** LISTED RECORDS **
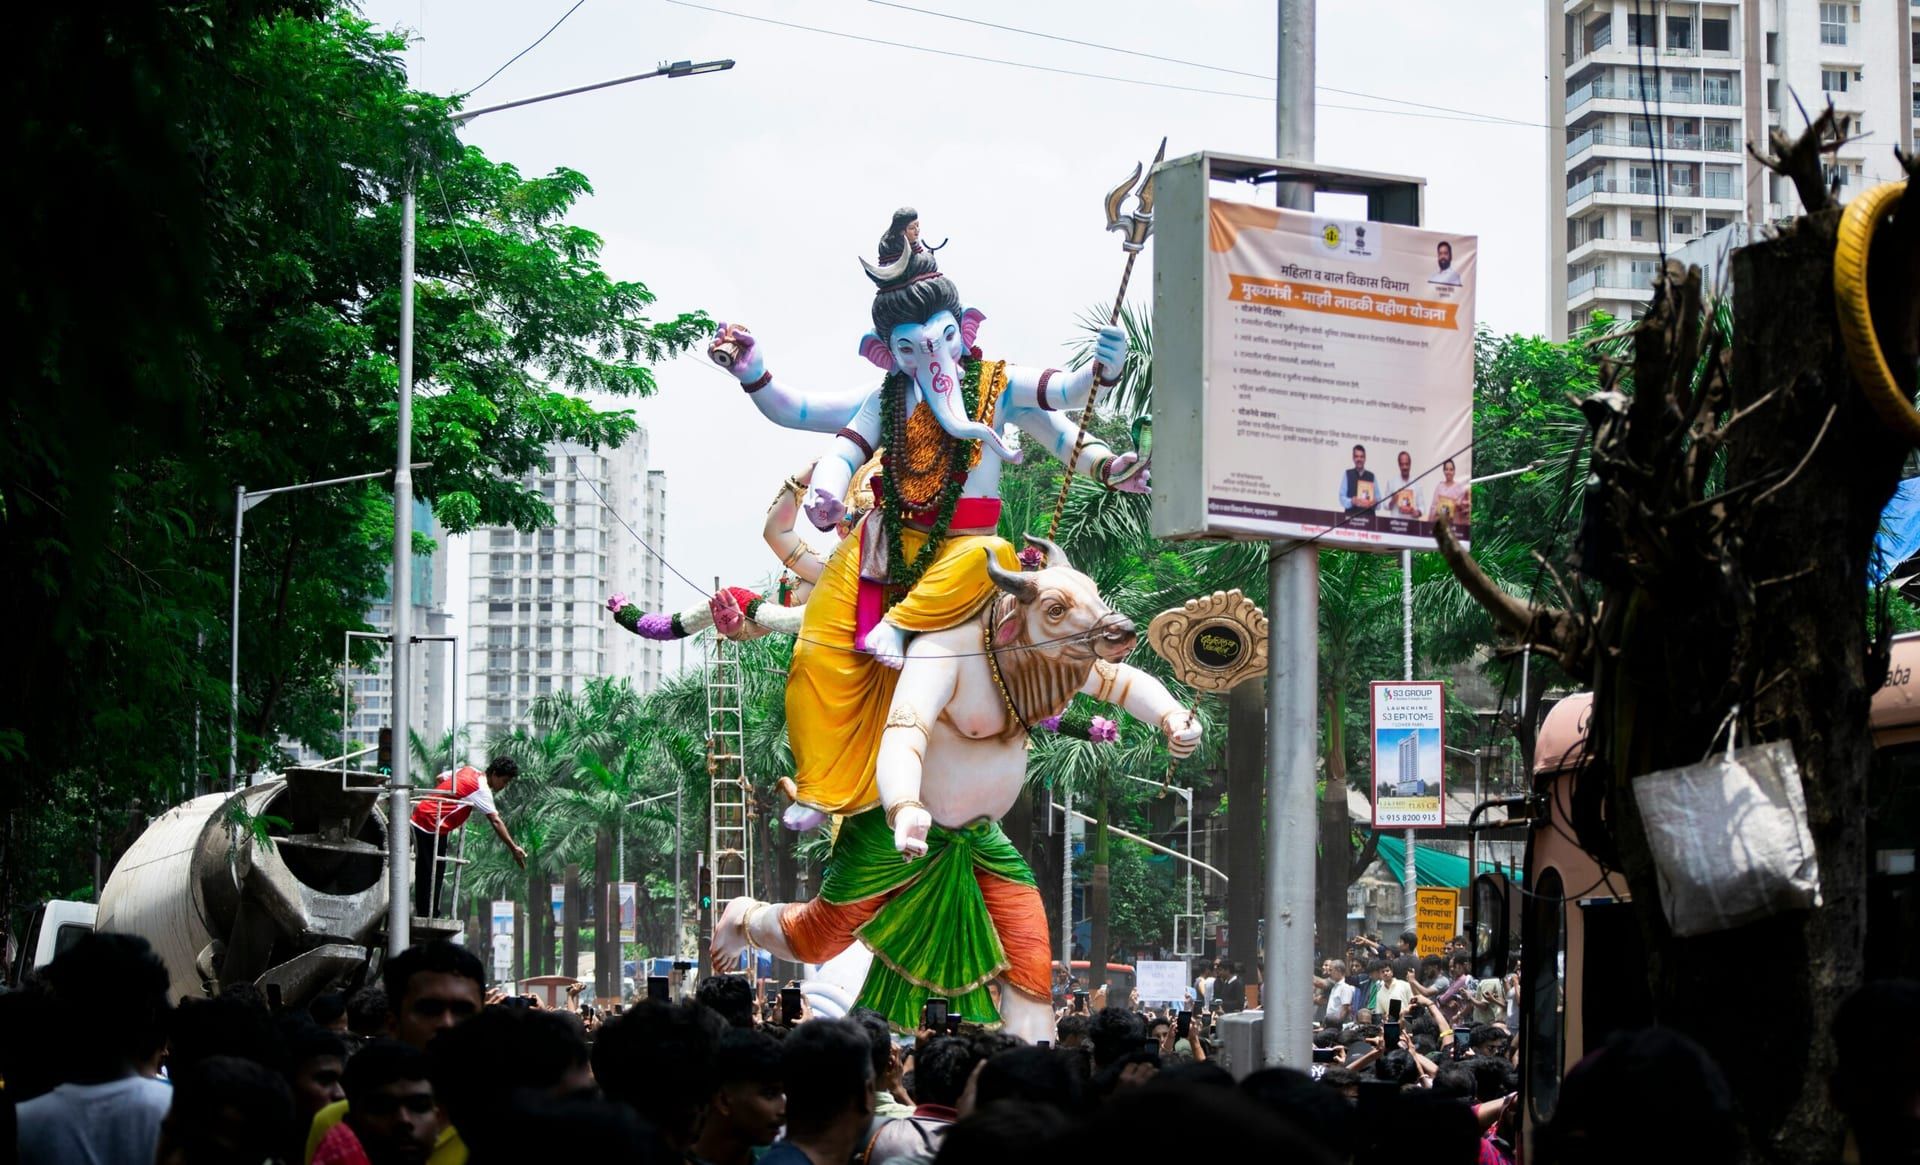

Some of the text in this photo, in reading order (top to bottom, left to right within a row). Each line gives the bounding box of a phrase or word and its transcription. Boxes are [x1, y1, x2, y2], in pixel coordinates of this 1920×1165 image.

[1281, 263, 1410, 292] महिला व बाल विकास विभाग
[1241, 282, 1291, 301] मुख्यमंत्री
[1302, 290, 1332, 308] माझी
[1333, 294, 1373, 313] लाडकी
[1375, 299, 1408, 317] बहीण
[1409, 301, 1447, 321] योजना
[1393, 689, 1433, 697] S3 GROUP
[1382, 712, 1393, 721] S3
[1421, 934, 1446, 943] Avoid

** YOUR TASK **
When you reproduce the data shown above, keep each line exact and omit every picture.

** SOLUTION FOR THIS TASK **
Some of the text in this photo, in reading order (top to bottom, left to right within a row). Each line gives the bounding box of a phrase or word and its transcription. Boxes are [x1, y1, x2, y2], in pixel coordinates of this 1920×1165 image.

[1281, 263, 1410, 292] महिला व बाल विकास विभाग
[1241, 282, 1291, 301] मुख्यमंत्री
[1302, 290, 1332, 308] माझी
[1333, 294, 1373, 313] लाडकी
[1375, 299, 1408, 317] बहीण
[1409, 301, 1447, 321] योजना
[1393, 689, 1433, 697] S3 GROUP
[1382, 712, 1393, 721] S3
[1421, 934, 1446, 943] Avoid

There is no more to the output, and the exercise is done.